But something strange is going on. When she touches a relic of the true cross, she faints. She wakes up days later with few memories of what happened. She goes to confession but her priest seems to fade away inside the booth. And one morning she throws up in the shared baths. Could that be morning sickness? Could she be pregnant? Bishops and doctors examine her closely: she is still a virgin. Which makes this an immaculate conception! It’s a miracle! It’s the second coming! Soon people are gazing at her in awe, reaching out to touch
her face. But this is not why Cecilia took her vows. She doesn’t trust the convent’s doctor — who just happens to be an obstetrician in a convent full of nuns. And then there are the frightening sisters who cover their faces in masques of red gauze to carry out enforcement. When her only friend, Sister Gwen (Benedetta Porcaroli) disappears, Cecilia realizes she has get out of this place — or this nun will be done. But how can she escape?
Immaculate is a thriller/horror about an innocent young woman trapped in an Italian house of by some religious fanatics. But for a movie about a nunnery there sure are a lot of breasts on display… draped in damp white diaphanous gowns in the baths or partly exposed late at night. That’s half of this exploitation movie: soft-core porn. The other half, though, is extreme, bloody violence and sadistic torture — what I call “gorno”: Disgusting, extended violence you’re forced to watch for its titillating effect. This leaves the movie both ridiculous and over the top, and more gross than scary, in the manner of an Italian Giallo movie from the 70s… but without any camp.

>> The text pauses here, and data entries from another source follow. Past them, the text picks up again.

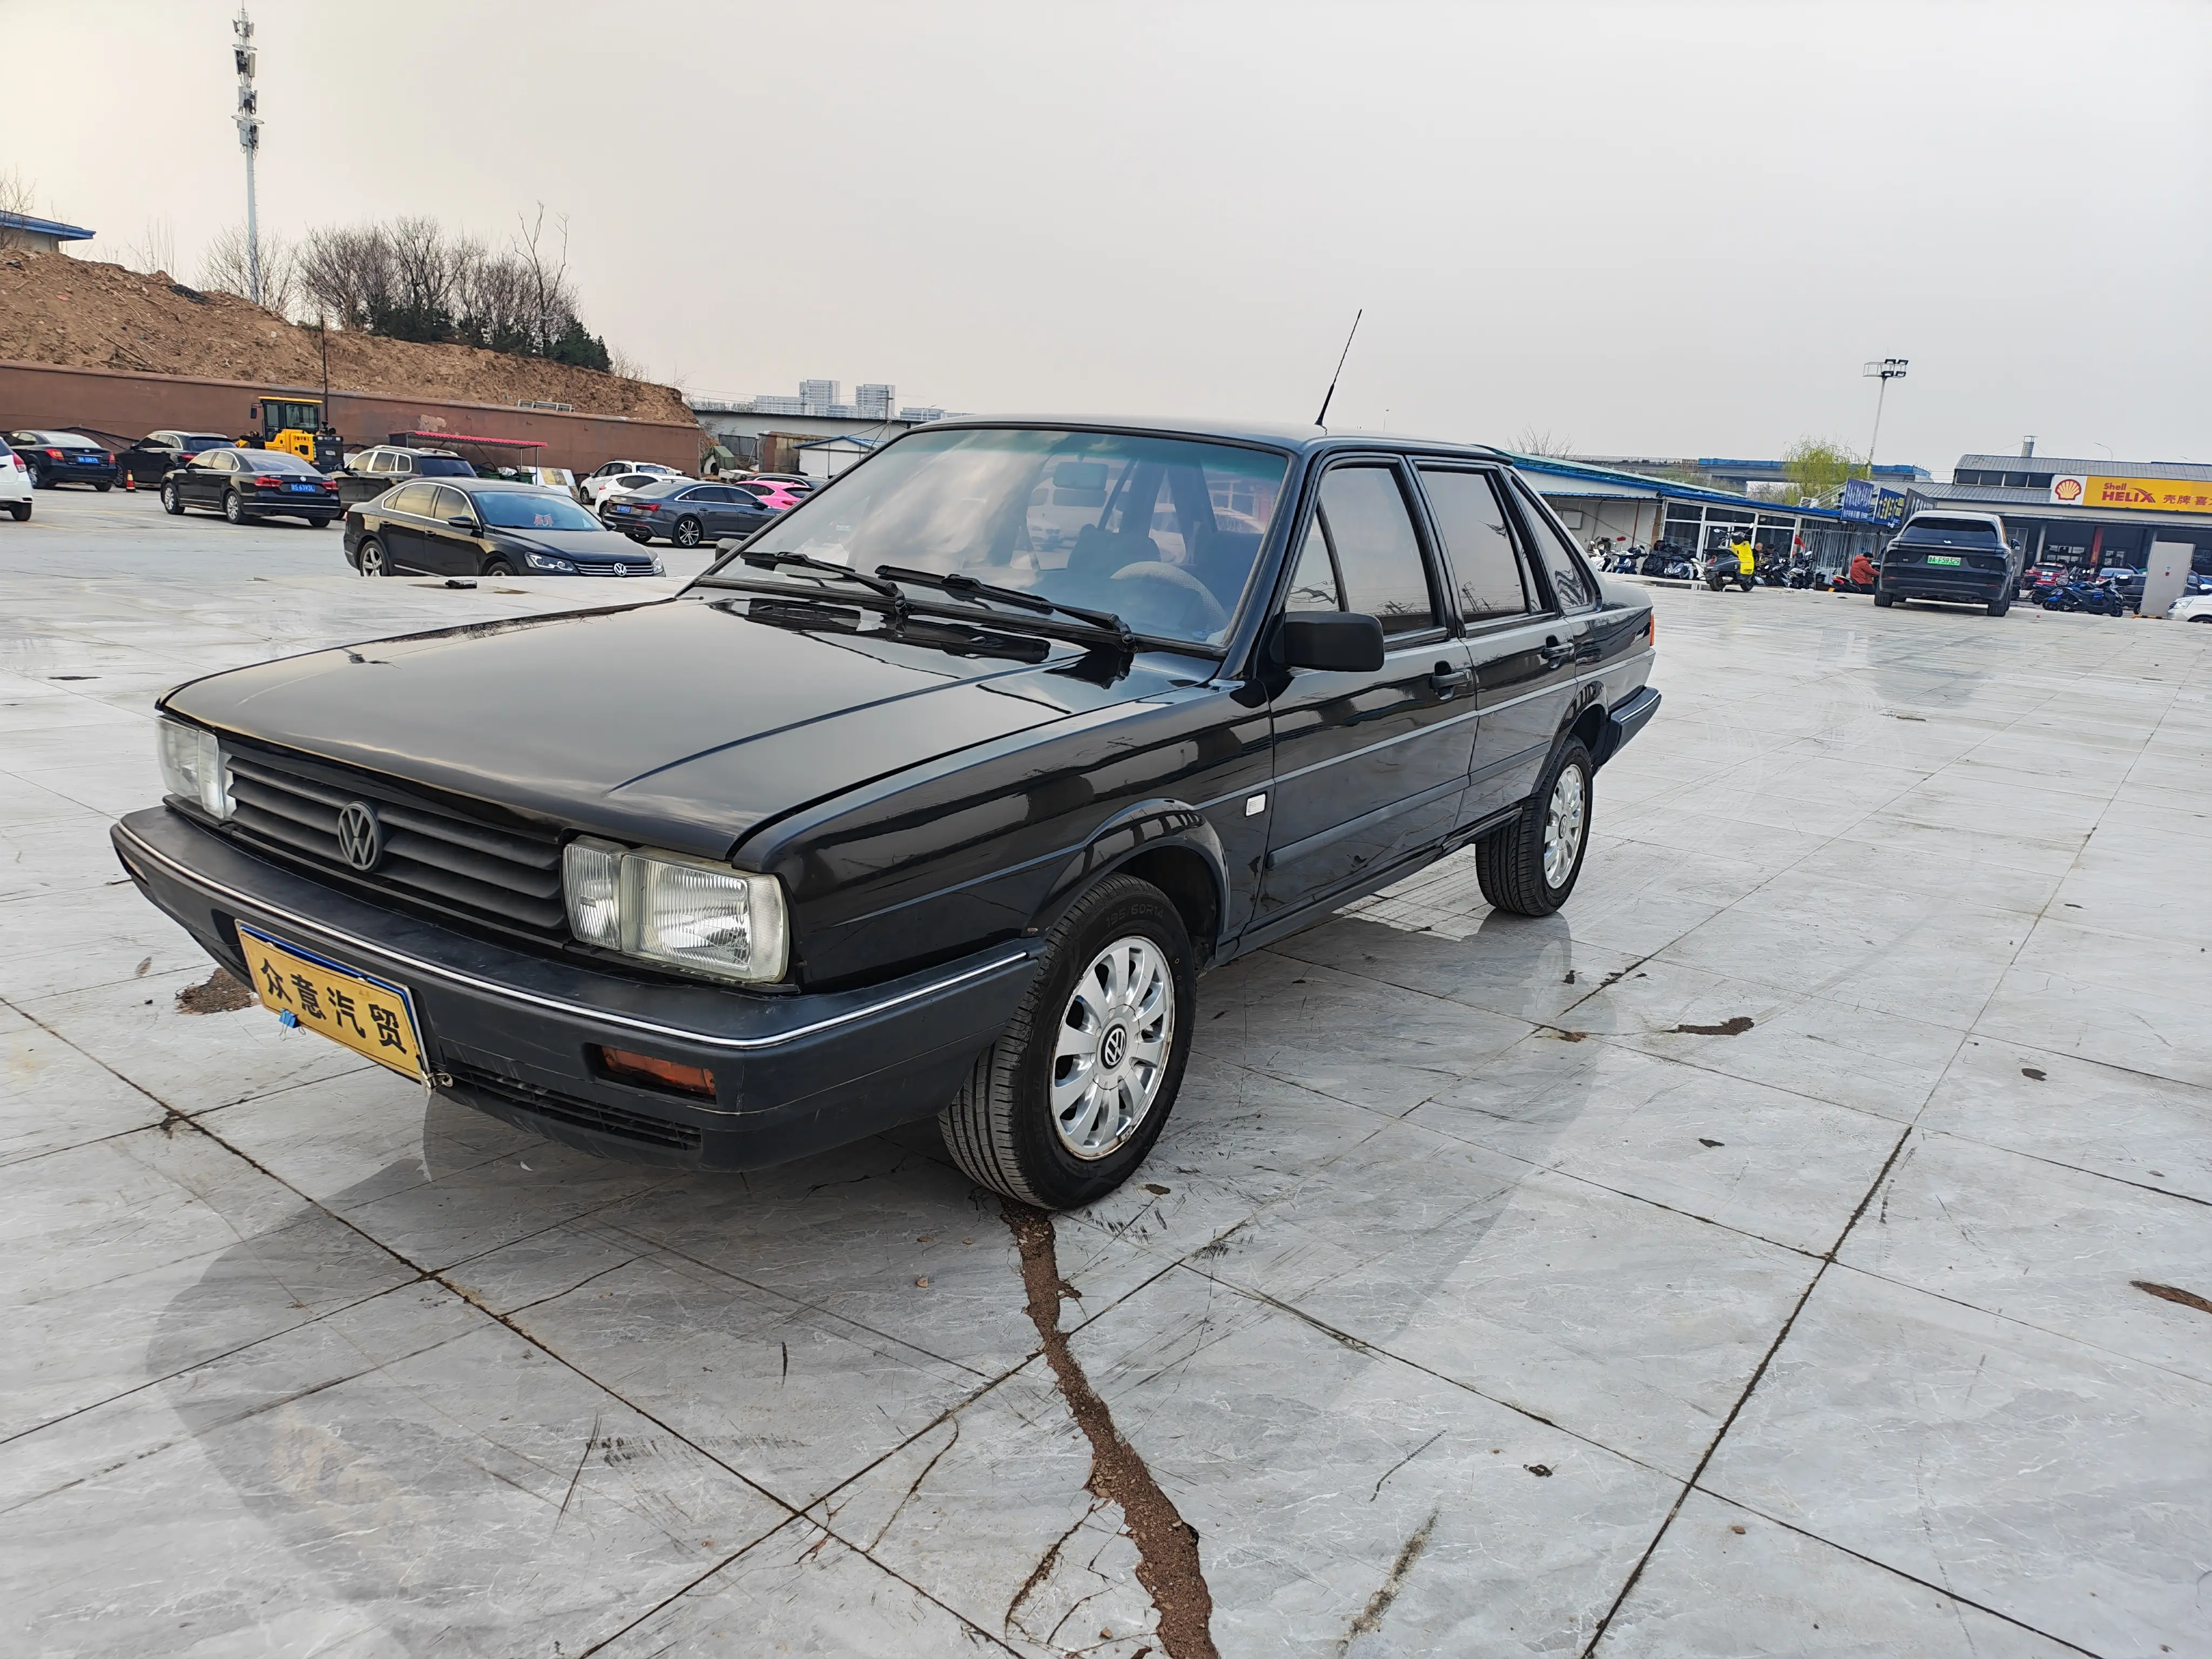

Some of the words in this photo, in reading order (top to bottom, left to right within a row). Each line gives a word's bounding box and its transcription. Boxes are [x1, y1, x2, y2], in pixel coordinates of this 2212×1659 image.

[2102, 488, 2155, 503] HELIX
[1105, 903, 1164, 928] 195/60R14
[260, 958, 408, 1055] 众意汽贸
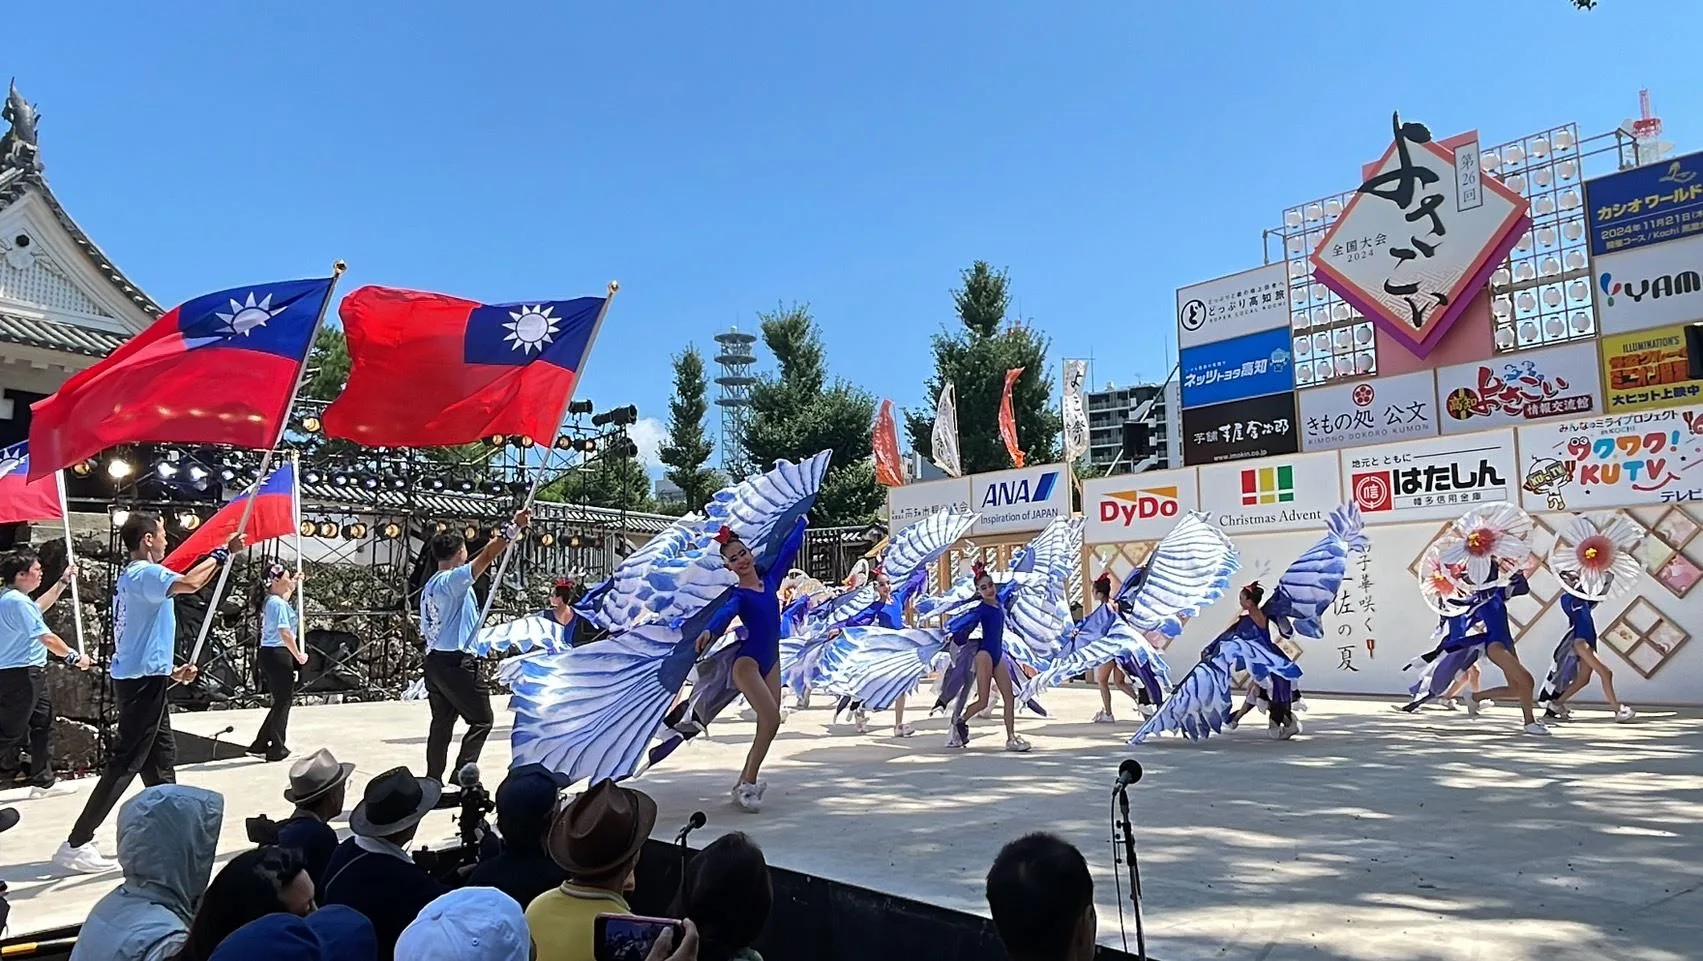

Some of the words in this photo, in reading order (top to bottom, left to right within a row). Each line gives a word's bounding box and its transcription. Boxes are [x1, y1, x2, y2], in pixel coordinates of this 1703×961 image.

[1461, 153, 1477, 203] 第26回
[1332, 232, 1387, 257] 全国大会
[1347, 251, 1374, 263] 2024
[1624, 270, 1703, 302] YAM
[1184, 359, 1268, 388] ネッツトヨタ高知
[1470, 366, 1569, 416] よさこい
[1612, 384, 1700, 406] 大ヒット上映中
[1307, 410, 1374, 435] きもの処
[1384, 401, 1428, 425] 公文
[1527, 398, 1590, 415] 情報交流館
[1308, 435, 1345, 446] KIMONO
[1348, 428, 1388, 440] DOKORO
[1392, 424, 1429, 434] KUMON
[1559, 410, 1678, 433] みんなのミライプロジェクト
[1352, 457, 1379, 468] 地元と
[1384, 453, 1411, 464] ともに
[1580, 458, 1666, 486] KUTV
[1393, 459, 1505, 495] はたしん
[981, 479, 1029, 508] ANA
[981, 513, 1020, 526] Inspiration
[1022, 513, 1031, 521] of
[1032, 508, 1058, 519] JAPAN
[1100, 496, 1178, 526] DyDo
[1219, 513, 1276, 527] Christmas
[1279, 509, 1321, 522] Advent
[1333, 576, 1360, 673] 佐の夏

That said, I actually liked Sydney Sweeney as the innocent woman who fights back. And while this is clearly a B movie, it does end on a suitably shocking note.
Exhuma
Wri/Dir: Jang Jae-hyun
Hwarim (Kim Go-eun) is a young Korean woman on a Japanese flight to LA. She’s going there to investigate a client from a filthy-rich Korean family that suffers from strange dreams and illnesses. Not just the man himself, but his new born baby, and other relatives. She’s a shaman, travelling with her coworker Bong-Gil a heavily-tattooed, former baseball player (Lee Do-hyun) who can see visions and dreams. They determine evil forces are at work here, and call for an exhumation of a distant ancestor’s grave to rectify some unknown problem. The family agrees and pays them a hefty salary to make it work. Back in Korea, they turn to Kim a geomancer (Choi Min-sik) and his assistant. He knows about how Yin and Yang, Feng Shui and the Five Elements all must be correctly aligned to make for a peaceful grave. But the grave they find is anything but peaceful. The coffin is buried beneath an unmarked tombstone, on a distant hilltop near North Korea, reachable only through a chain-locked road where no one ever goes. It’s home to a skulk of foxes and a pit of snakes. And despite their lengthy shamanic
rituals, somehow an ancient evil spirit escapes from the grave wreaking havoc on everyone nearby. It’s not just a ghost that says “boo”; it takes on a physical form, looking for humans as his slaves, to feed him sweet melons and mincemeat. And woe be to him or her who disobeys. Human livers taste just as good. Can these four brave souls defeat a dark evil from a rich family’s hidden past?
Exhuma is a supernatural horror/thriller about a fight against the deep, dark mysteries from Korea’s history (including references to their brutal occupation under Imperial Japan). The film is done in an interesting way, incorporating actual shamanic rituals into the story. In one scene, to the sound of pounding drums, Hwarim does an extended ecstatic dance around the bodies of four hogs impaled on skewers. Not the sort of thing you usually see in a horror movie.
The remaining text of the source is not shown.